The major clinical challenge will be to evaluate the impact of CAD in an actual clinical interpretive setting. Studies will need to show that CAD improves clinical sensitivity without placing an undue burden through reduced specificity or increased interpretation time. Appropriate training in how to use CAD may be a key to its success. The economics also need to be addressed, as CAD software may be expensive and the use of CAD is as yet not reimbursed. In an economic analysis, CAD may improve the colorectal cancer prevention rate and may be cost-effective for CT colonography screening 65.

Innovative Displays for CTC

Since its inception, CT colonography has been closely associated with innovative display methodologies6668. For example, in 1994 Vining introduced virtual colonoscopy using surface reconstructions to model the interior of the colon69. While many radiologists primarily use 2-D image display to interpret CTC, some research indicates that 3-D virtual colonoscopy displays may lead to improved sensitivity for detecting polyps although this has been somewhat controversial70.

While 3-D virtual colonoscopy displays seem natural due to their similar appearances compared to optical colonoscopy displays, endoluminal visualization methods have some limitations. For example, polyps can be hidden behind haustral folds during endoluminal inspection71. Novel displays such as Mercator map and stereographic projections have been proposed to address the problem of unseen regions67. Modification of the 3-D viewing angle may also improve sensitivity and reduce the number of unseen regions67, 72.
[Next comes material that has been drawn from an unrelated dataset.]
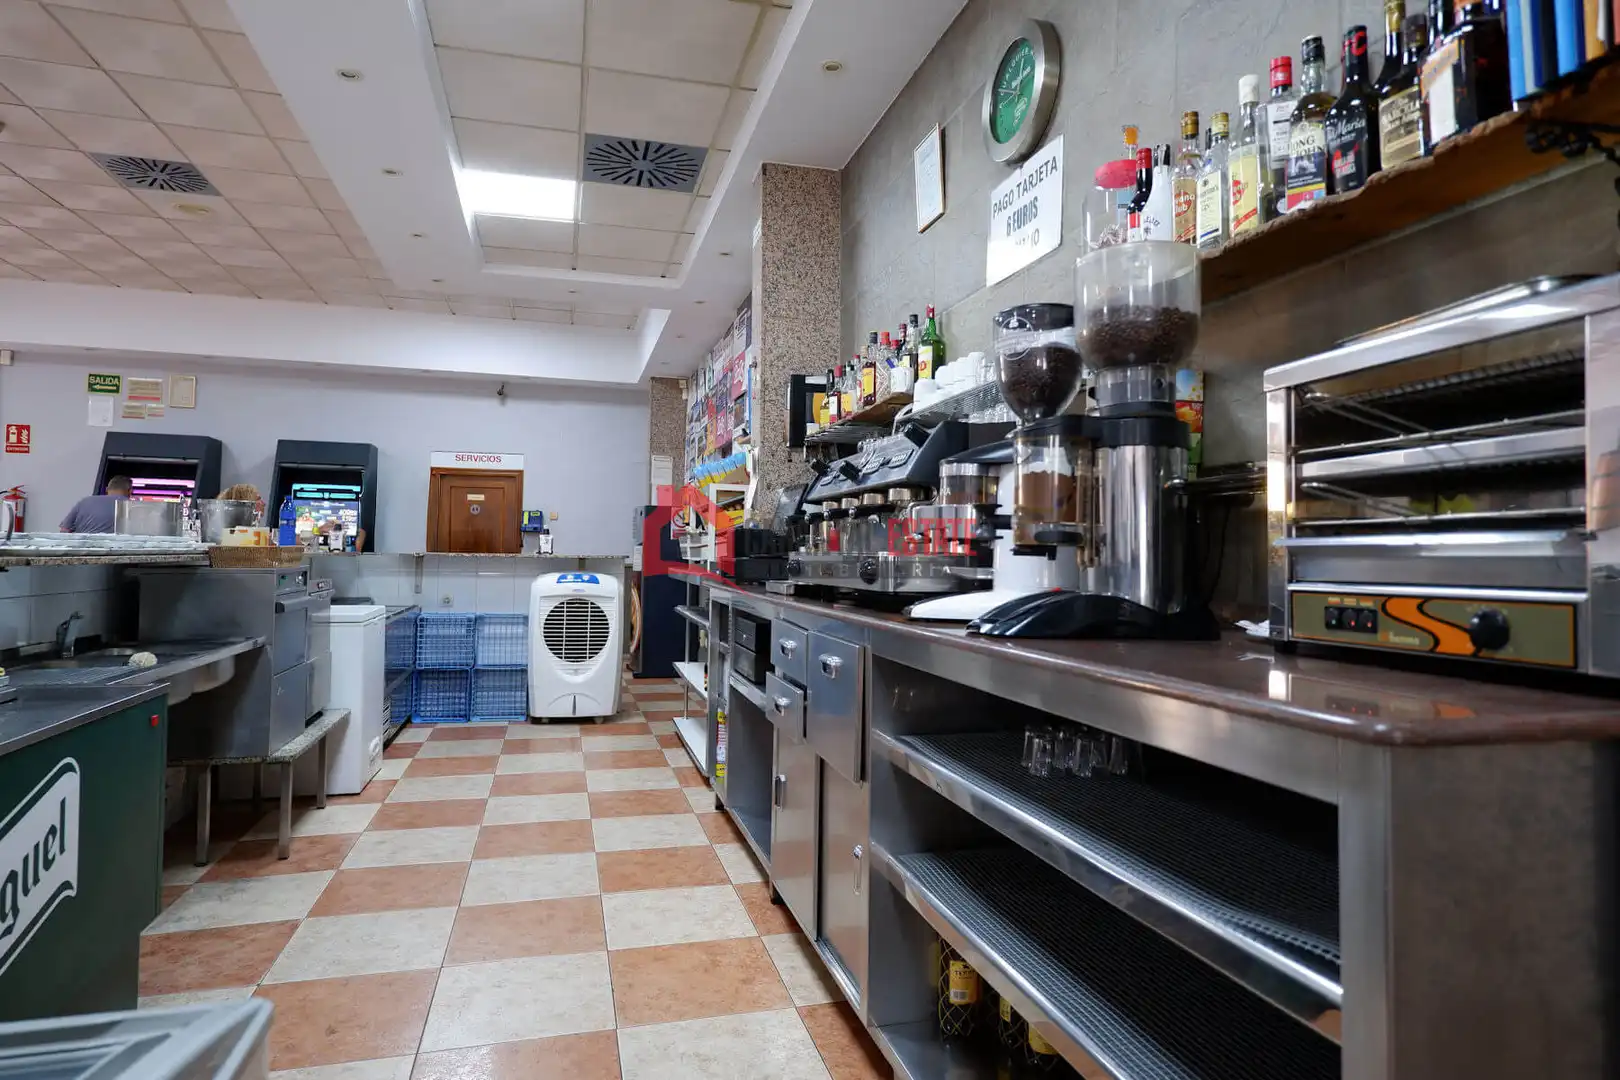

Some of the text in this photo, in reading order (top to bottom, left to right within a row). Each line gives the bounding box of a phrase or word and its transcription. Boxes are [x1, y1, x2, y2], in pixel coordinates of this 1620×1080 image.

One type of innovative display is called virtual dissection, virtual pathology or “filet” view 7375. These displays use computer software to virtually cut open the colon so that it can be inspected as if it were a pathological specimen. The virtual dissection technique allows the physician to see the colon laid out flat without the need to navigate its various bends and blind spots. However, the virtual dissection display is susceptible to distortion. Modifications of this technique have been developed to reduce the distortion 76. In addition, CAD has been integrated into some virtual dissection displays 77, 78. In one study, virtual dissection with CAD used in the first reader mode had sensitivity exceeding 94% for detecting polyps 1 cm or larger; the effect on specificity however was unclear.
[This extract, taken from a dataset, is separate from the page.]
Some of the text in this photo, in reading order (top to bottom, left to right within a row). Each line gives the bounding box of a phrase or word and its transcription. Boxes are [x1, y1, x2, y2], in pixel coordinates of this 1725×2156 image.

Another promising display technology is the virtual unfolded cube display 79. In this display, a radiologist sees a 360° view of the colon and can inspect both forward, side and rear views of the colon simultaneously. The virtual unfolded cube display may improve detection of polyps hidden behind haustral folds.
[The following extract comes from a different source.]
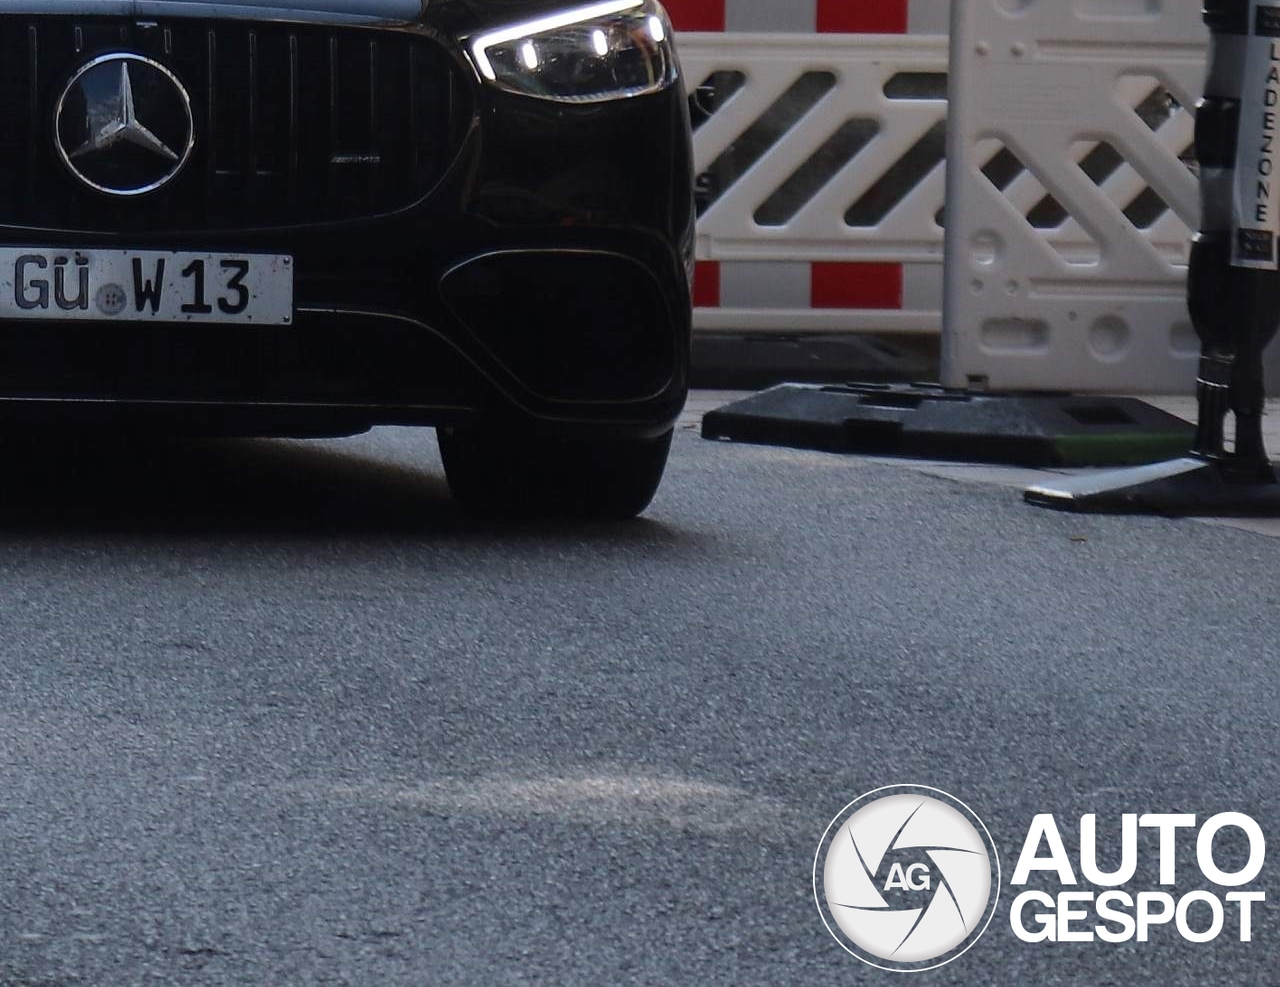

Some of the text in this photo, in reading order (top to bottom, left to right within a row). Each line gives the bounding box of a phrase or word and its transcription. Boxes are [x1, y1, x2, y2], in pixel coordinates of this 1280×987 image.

[1255, 42, 1280, 222] LADEZONE
[14, 253, 90, 311] GÜ
[131, 257, 166, 313] W
[180, 258, 251, 315] 13
A novel display has been proposed that uses the location of the three tenia coli for circumferential co-registration of supine and prone CTC scans. This display brings the CTC scans into rotational alignment enabling improved matching of findings on the supine and prone 3-D endoluminal images80.

Conclusions

Preliminary results in CT colonography CAD are encouraging. There is evidence that high sensitivity and a low number of false positive detections per examination are achievable. The application of CAD to clinical practice is likely to help less experienced radiologists by improving their sensitivity for detecting polyps but may not reduce reading times. Novel displays may improve diagnostic accuracy and can be combined with CAD. With advances in computer technology and larger image databases, CAD performance is likely to improve rapidly and will hopefully benefit patients in the near future.

Acknowledgments

The intramural research program of the National Institutes of Health Clinical Center supported this work.

I thank Sandy Napel, PhD, for critical review of the manuscript and helpful discussions. The intramural research program of the National Institutes of Health Clinical Center supported this work.

Footnotes

Potential financial interest.

The author has pending and/or awarded patents and receives royalty income from iCAD Medical. His laboratory received free research software from Viatronix and receives research support from iCAD Medical.